_EXERCISE_
Please set down each of the lines below once more, exactly, omitting all pictures.

_MATERIAL FOR THIS TASK_
• • •

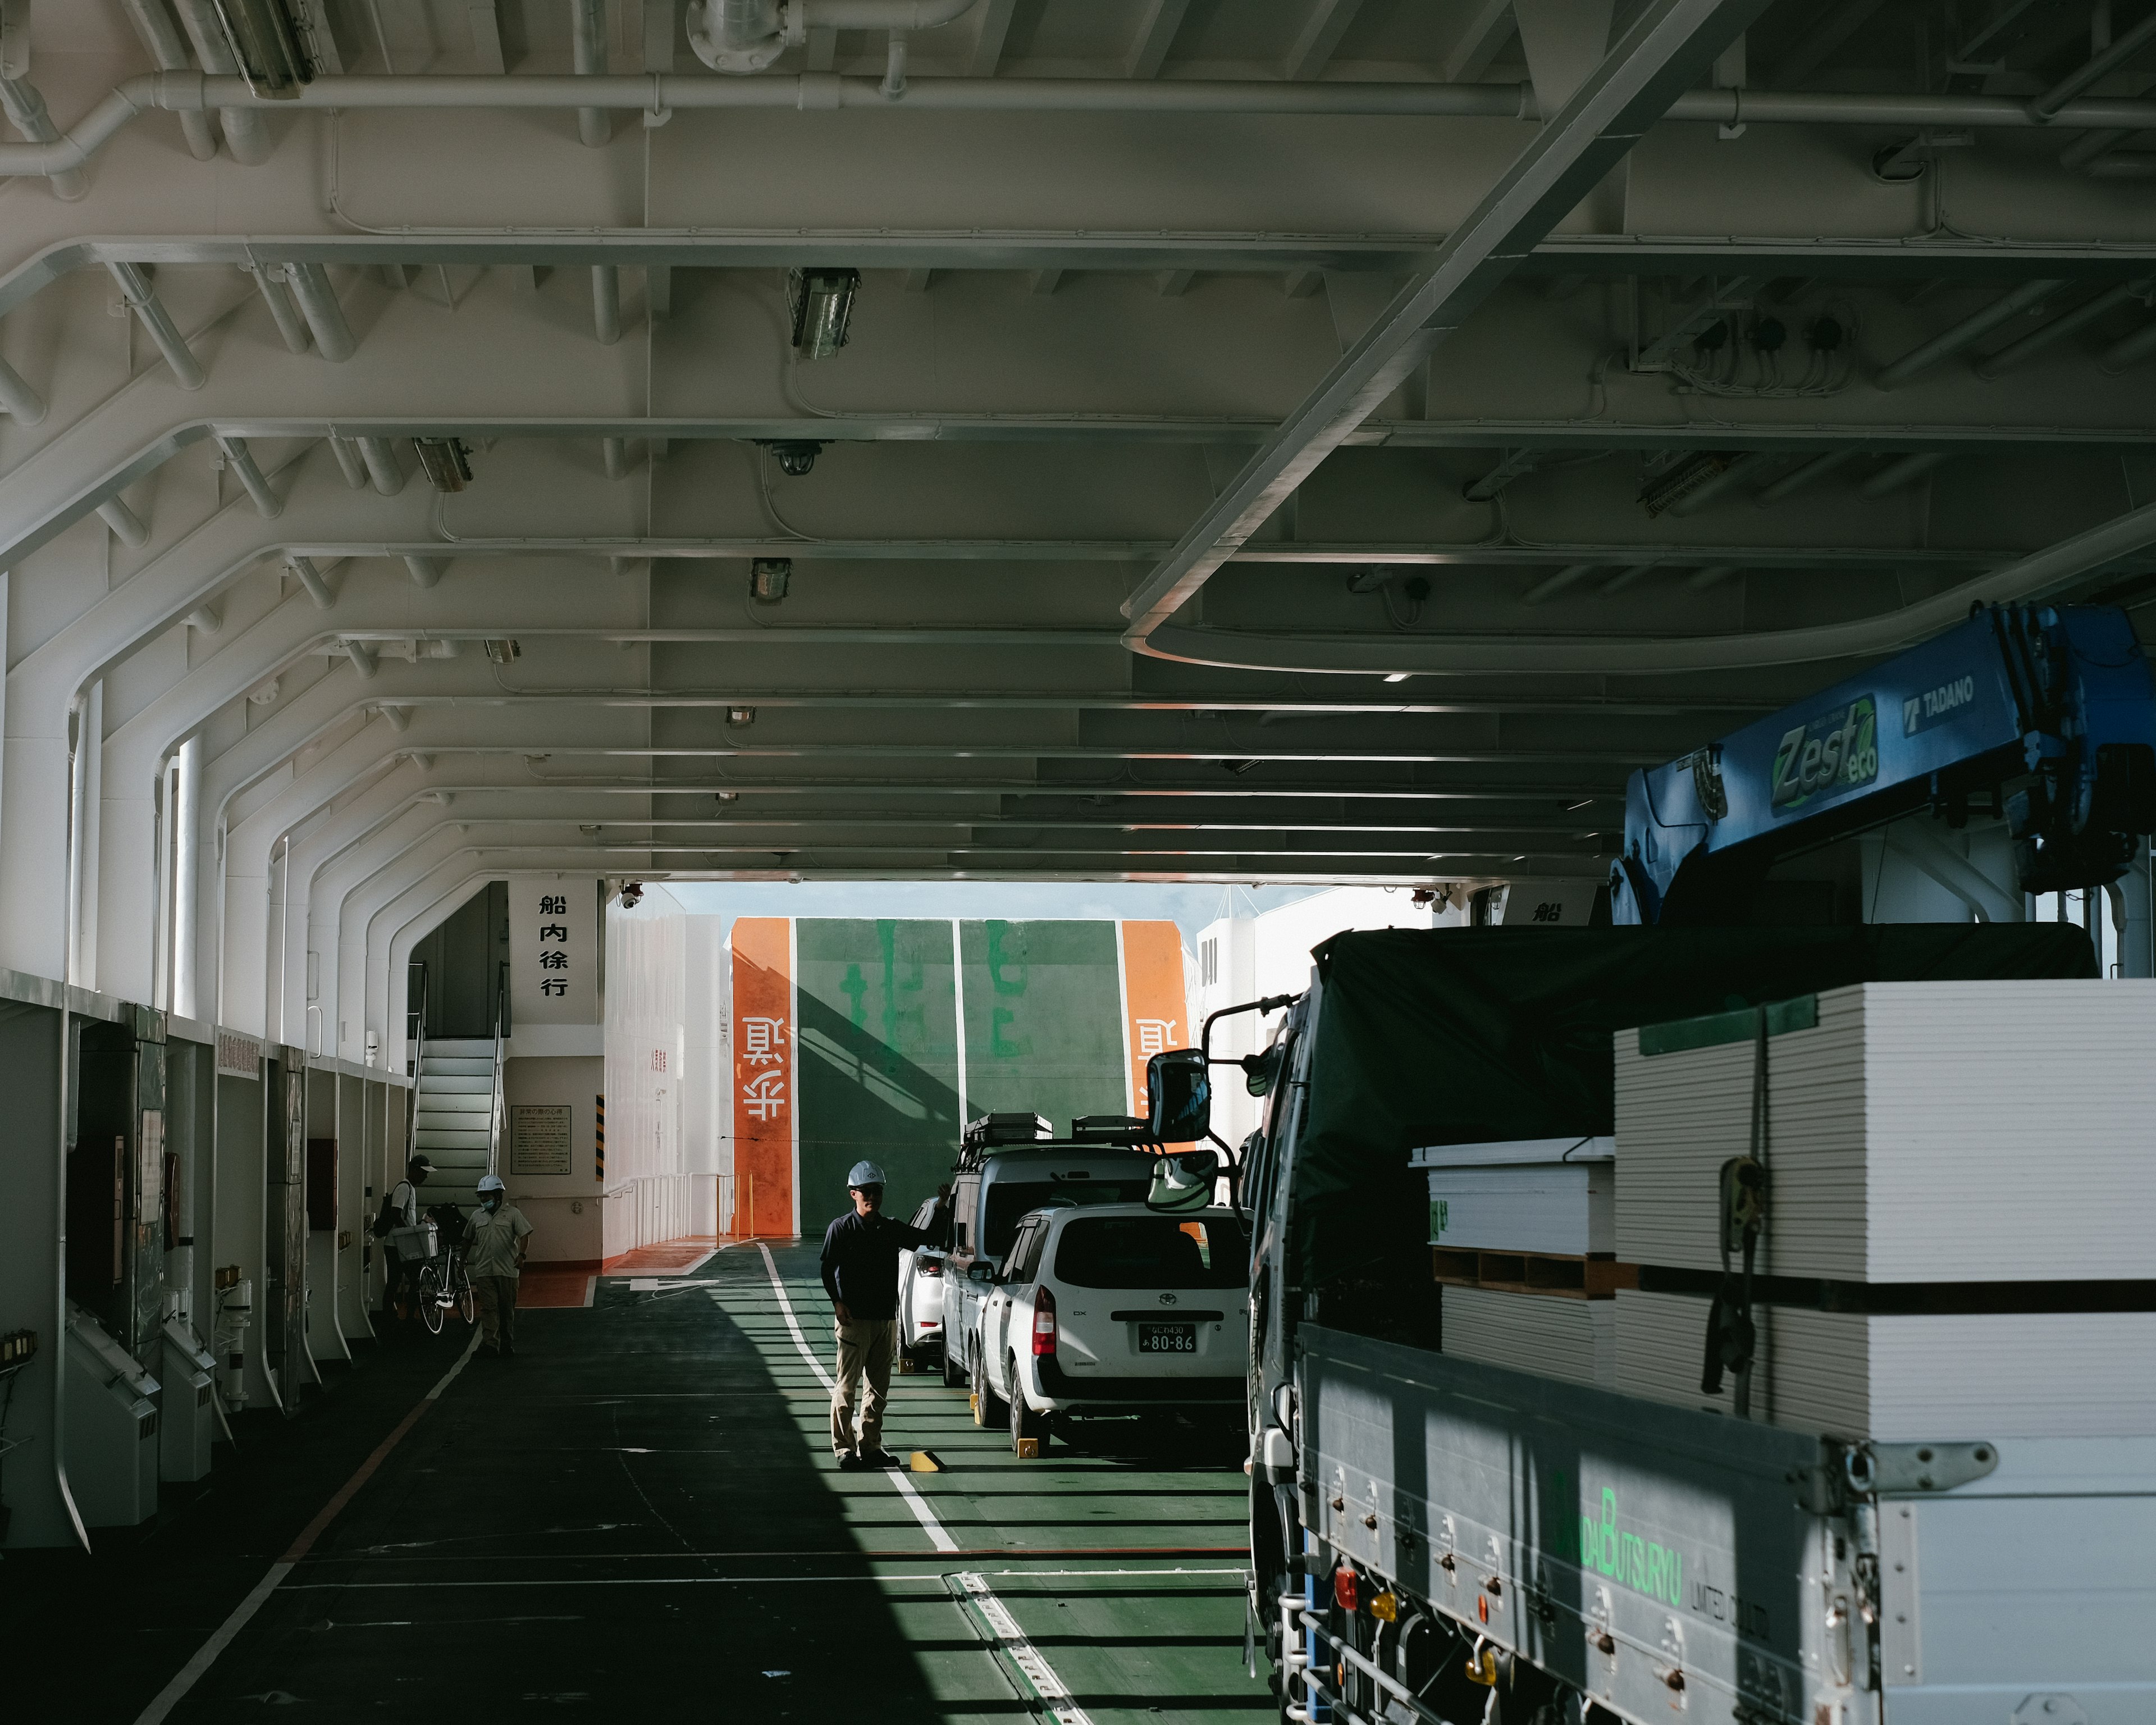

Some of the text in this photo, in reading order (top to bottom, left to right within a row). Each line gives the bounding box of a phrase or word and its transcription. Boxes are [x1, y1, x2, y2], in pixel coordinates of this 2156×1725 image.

[1923, 675, 1974, 719] TADANO
[1773, 703, 1859, 804] Zest
[1848, 747, 1876, 784] eco
[538, 895, 569, 997] 船内徐行
[1532, 902, 1562, 921] 船
[742, 1017, 785, 1121] 歩道
[1136, 1019, 1178, 1116] 道
[1152, 1335, 1193, 1350] 80-86
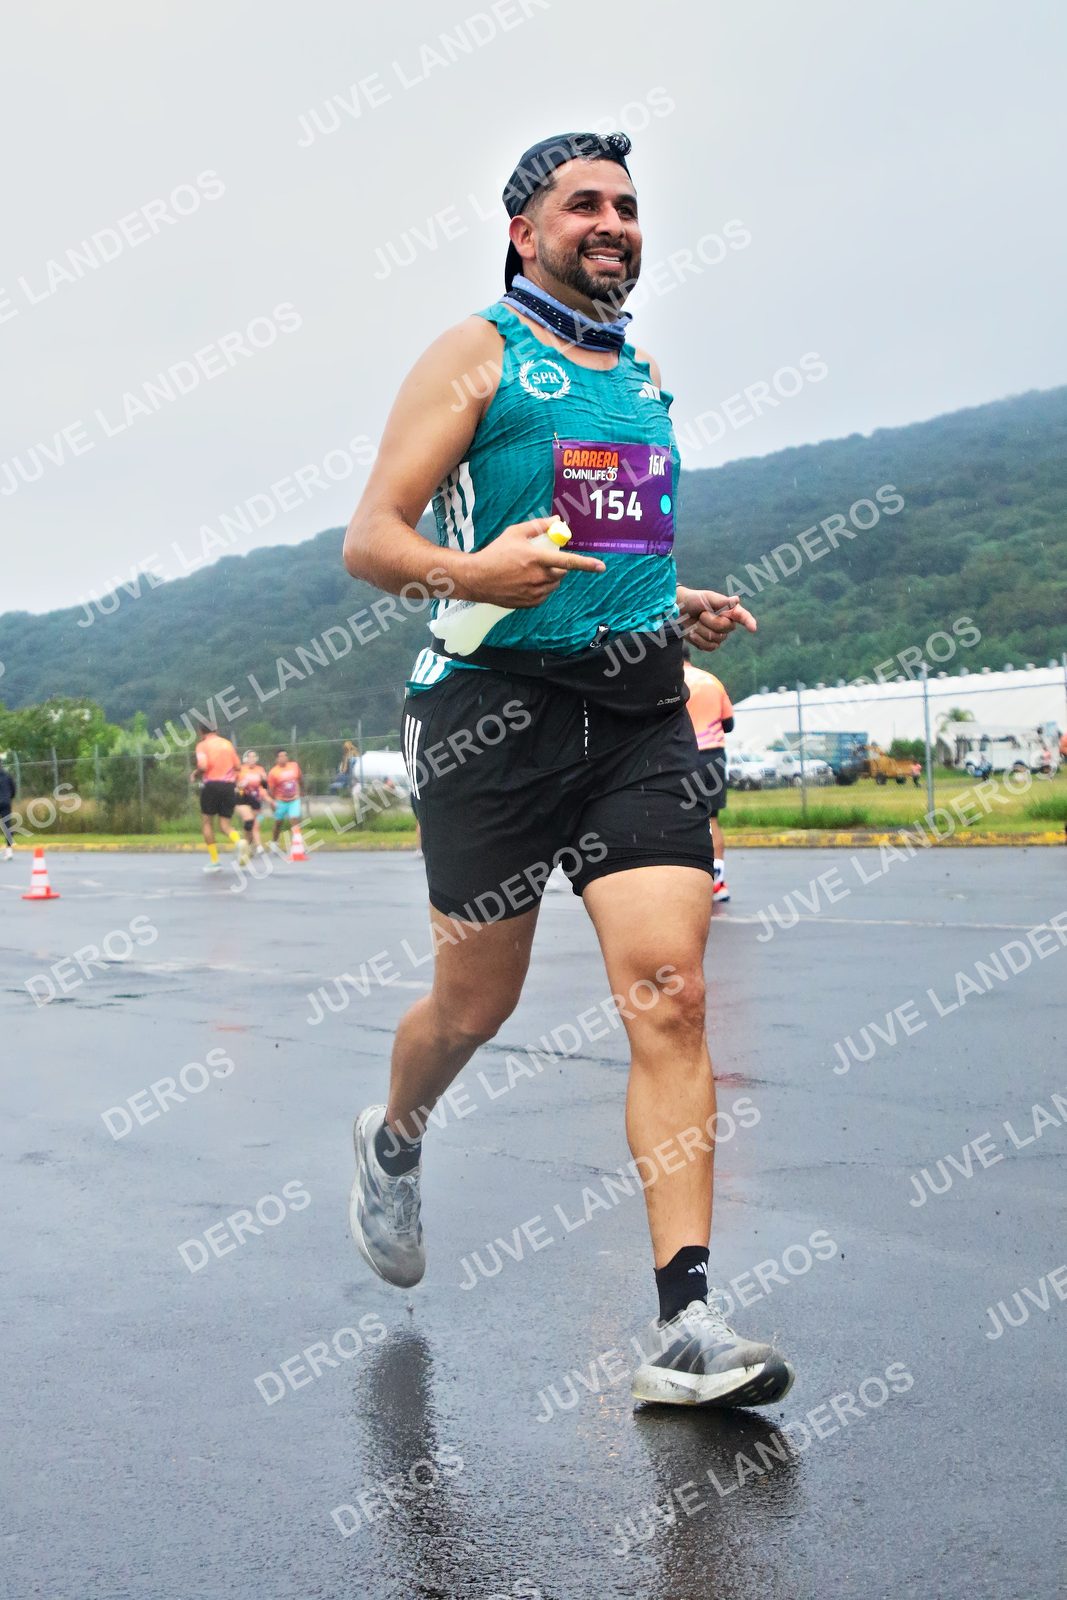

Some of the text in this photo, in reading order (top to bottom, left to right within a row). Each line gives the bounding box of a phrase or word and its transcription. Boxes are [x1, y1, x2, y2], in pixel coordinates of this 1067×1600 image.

[532, 372, 561, 385] SPR
[563, 449, 618, 468] CARRERA
[648, 454, 666, 476] 15K
[563, 468, 606, 481] OMNILIFE
[589, 489, 643, 522] 154
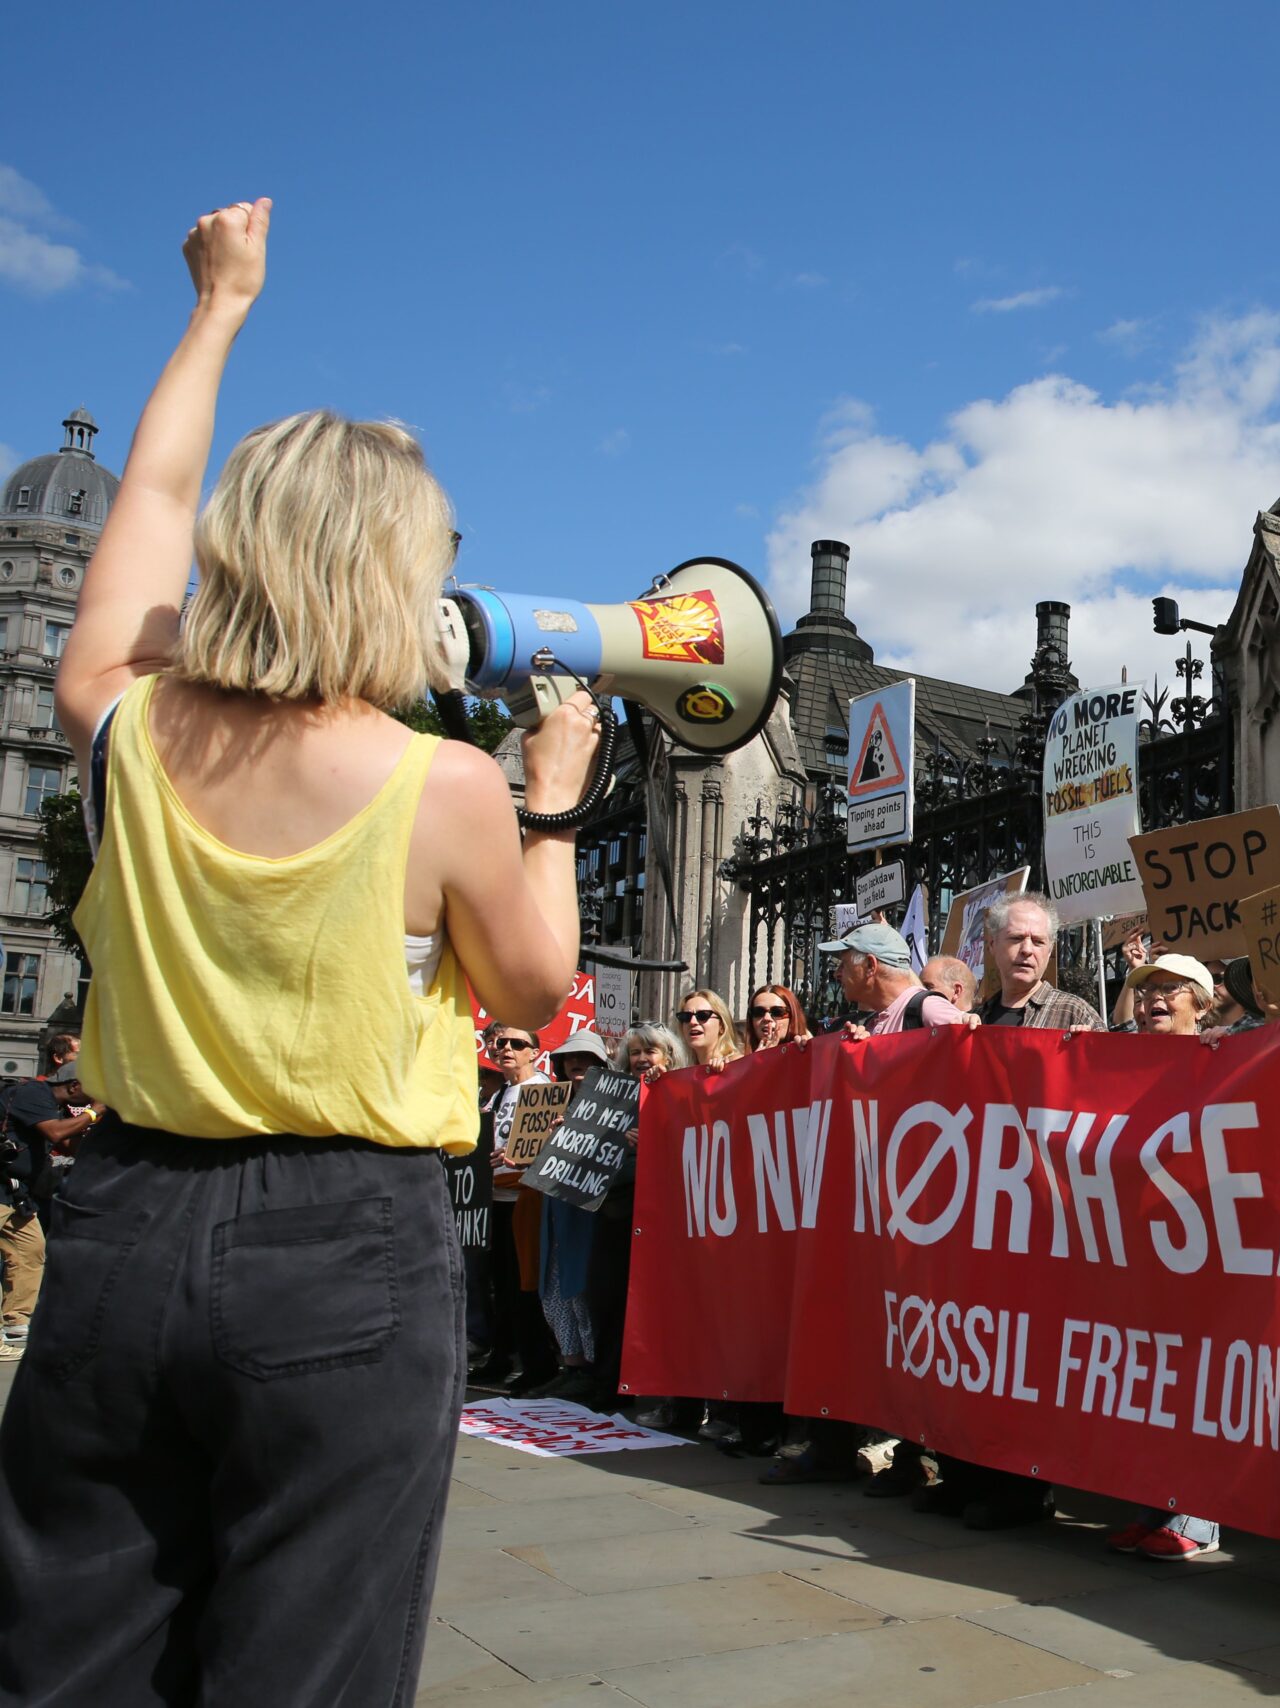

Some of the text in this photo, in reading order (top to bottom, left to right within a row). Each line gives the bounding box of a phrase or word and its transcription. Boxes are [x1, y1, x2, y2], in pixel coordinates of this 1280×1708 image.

[1048, 690, 1137, 742] NO MORE
[1063, 722, 1109, 757] PLANET
[1054, 743, 1116, 783] WRECKING
[1046, 768, 1132, 815] FOSSIL FUELS
[850, 803, 901, 823] Tipping points
[864, 820, 885, 833] ahead
[1073, 821, 1102, 844] THIS
[1085, 845, 1096, 859] IS
[1144, 830, 1267, 889] STOP
[857, 872, 895, 895] Stop Jackdaw
[872, 888, 885, 900] field
[1052, 860, 1136, 900] UNFORGIVABLE
[844, 907, 855, 915] NO
[600, 993, 626, 1010] NO to
[519, 1084, 569, 1107] NO NEW
[594, 1074, 640, 1101] MIATTA
[572, 1098, 634, 1132] NO NEW
[551, 1126, 600, 1158] NORTH
[454, 1166, 474, 1204] TO
[539, 1155, 609, 1196] DRILLING
[682, 1119, 737, 1237] NO
[1055, 1318, 1183, 1430] FREE

• • •

_SOLUTION TO THE EXERCISE_
Some of the text in this photo, in reading order (top to bottom, left to right within a row). Each line gives the bounding box of a phrase or word and its transcription. Boxes are [x1, y1, x2, y2], in pixel coordinates of this 2156×1725 image.

[1923, 675, 1974, 719] TADANO
[1773, 703, 1859, 804] Zest
[1848, 747, 1876, 784] eco
[538, 895, 569, 997] 船内徐行
[1532, 902, 1562, 921] 船
[742, 1017, 785, 1121] 歩道
[1136, 1019, 1178, 1116] 道
[1152, 1335, 1193, 1350] 80-86

Some of the text in this photo, in reading order (top to bottom, left to right within a row). Each line gives the bounding box of a phrase or word and its transcription. Boxes are [x1, y1, x2, y2], in pixel coordinates of this 1067×1600 image.

[532, 372, 561, 385] SPR
[563, 449, 618, 468] CARRERA
[648, 454, 666, 476] 15K
[563, 468, 606, 481] OMNILIFE
[589, 489, 643, 522] 154

Some of the text in this photo, in reading order (top to bottom, left to right within a row). Each line gives the bounding box of a phrase or word and its transcription. Boxes are [x1, y1, x2, y2], in pixel coordinates of this 1280×1708 image.

[1048, 690, 1137, 742] NO MORE
[1063, 722, 1109, 757] PLANET
[1054, 743, 1116, 783] WRECKING
[1046, 768, 1132, 815] FOSSIL FUELS
[850, 803, 901, 823] Tipping points
[864, 820, 885, 833] ahead
[1073, 821, 1102, 844] THIS
[1085, 845, 1096, 859] IS
[1144, 830, 1267, 889] STOP
[857, 872, 895, 895] Stop Jackdaw
[872, 888, 885, 900] field
[1052, 860, 1136, 900] UNFORGIVABLE
[844, 907, 855, 915] NO
[600, 993, 626, 1010] NO to
[519, 1084, 569, 1107] NO NEW
[594, 1074, 640, 1101] MIATTA
[572, 1098, 634, 1132] NO NEW
[551, 1126, 600, 1158] NORTH
[454, 1166, 474, 1204] TO
[539, 1155, 609, 1196] DRILLING
[682, 1119, 737, 1237] NO
[1055, 1318, 1183, 1430] FREE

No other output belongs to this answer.